▸ **Work instruction**
Restate the entries below verbatim.

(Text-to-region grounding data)
+++

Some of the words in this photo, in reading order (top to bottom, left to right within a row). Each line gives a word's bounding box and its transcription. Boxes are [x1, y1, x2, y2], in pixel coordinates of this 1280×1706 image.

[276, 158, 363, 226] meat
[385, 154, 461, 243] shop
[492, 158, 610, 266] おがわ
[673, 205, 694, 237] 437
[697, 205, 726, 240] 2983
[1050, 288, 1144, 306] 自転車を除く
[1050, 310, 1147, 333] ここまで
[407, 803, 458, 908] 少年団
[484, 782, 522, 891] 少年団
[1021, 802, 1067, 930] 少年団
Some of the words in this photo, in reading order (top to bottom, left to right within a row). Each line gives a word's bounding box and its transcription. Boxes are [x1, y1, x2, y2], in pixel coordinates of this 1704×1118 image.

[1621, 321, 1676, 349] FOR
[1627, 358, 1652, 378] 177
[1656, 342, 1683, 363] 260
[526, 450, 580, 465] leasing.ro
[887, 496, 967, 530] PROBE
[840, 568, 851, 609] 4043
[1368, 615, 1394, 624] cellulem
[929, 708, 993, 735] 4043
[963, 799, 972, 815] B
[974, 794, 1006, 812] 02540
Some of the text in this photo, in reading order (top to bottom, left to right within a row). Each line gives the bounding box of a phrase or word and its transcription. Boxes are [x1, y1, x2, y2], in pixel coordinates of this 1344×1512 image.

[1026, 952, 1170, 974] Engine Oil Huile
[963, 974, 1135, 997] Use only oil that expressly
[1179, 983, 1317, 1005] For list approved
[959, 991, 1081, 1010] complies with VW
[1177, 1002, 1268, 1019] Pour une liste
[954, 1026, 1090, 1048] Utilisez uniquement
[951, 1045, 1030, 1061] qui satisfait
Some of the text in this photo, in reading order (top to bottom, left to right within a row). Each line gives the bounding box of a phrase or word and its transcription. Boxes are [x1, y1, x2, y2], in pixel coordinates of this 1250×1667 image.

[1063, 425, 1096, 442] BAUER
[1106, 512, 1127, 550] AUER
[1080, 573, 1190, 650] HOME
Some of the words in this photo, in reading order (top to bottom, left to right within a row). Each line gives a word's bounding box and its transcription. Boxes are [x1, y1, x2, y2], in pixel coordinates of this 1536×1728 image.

+++

▸ **Result of the exercise**
Some of the words in this photo, in reading order (top to bottom, left to right within a row). Each line gives a word's bounding box and its transcription. Boxes are [x1, y1, x2, y2], in pixel coordinates of this 1280×1706 image.

[276, 158, 363, 226] meat
[385, 154, 461, 243] shop
[492, 158, 610, 266] おがわ
[673, 205, 694, 237] 437
[697, 205, 726, 240] 2983
[1050, 288, 1144, 306] 自転車を除く
[1050, 310, 1147, 333] ここまで
[407, 803, 458, 908] 少年団
[484, 782, 522, 891] 少年団
[1021, 802, 1067, 930] 少年団
Some of the words in this photo, in reading order (top to bottom, left to right within a row). Each line gives a word's bounding box and its transcription. Boxes are [x1, y1, x2, y2], in pixel coordinates of this 1704×1118 image.

[1621, 321, 1676, 349] FOR
[1627, 358, 1652, 378] 177
[1656, 342, 1683, 363] 260
[526, 450, 580, 465] leasing.ro
[887, 496, 967, 530] PROBE
[840, 568, 851, 609] 4043
[1368, 615, 1394, 624] cellulem
[929, 708, 993, 735] 4043
[963, 799, 972, 815] B
[974, 794, 1006, 812] 02540
Some of the text in this photo, in reading order (top to bottom, left to right within a row). Each line gives the bounding box of a phrase or word and its transcription. Boxes are [x1, y1, x2, y2], in pixel coordinates of this 1344×1512 image.

[1026, 952, 1170, 974] Engine Oil Huile
[963, 974, 1135, 997] Use only oil that expressly
[1179, 983, 1317, 1005] For list approved
[959, 991, 1081, 1010] complies with VW
[1177, 1002, 1268, 1019] Pour une liste
[954, 1026, 1090, 1048] Utilisez uniquement
[951, 1045, 1030, 1061] qui satisfait
Some of the text in this photo, in reading order (top to bottom, left to right within a row). Each line gives the bounding box of a phrase or word and its transcription. Boxes are [x1, y1, x2, y2], in pixel coordinates of this 1250×1667 image.

[1063, 425, 1096, 442] BAUER
[1106, 512, 1127, 550] AUER
[1080, 573, 1190, 650] HOME
Some of the words in this photo, in reading order (top to bottom, left to right within a row). Each line gives a word's bounding box and its transcription. Boxes are [x1, y1, x2, y2], in pixel coordinates of this 1536×1728 image.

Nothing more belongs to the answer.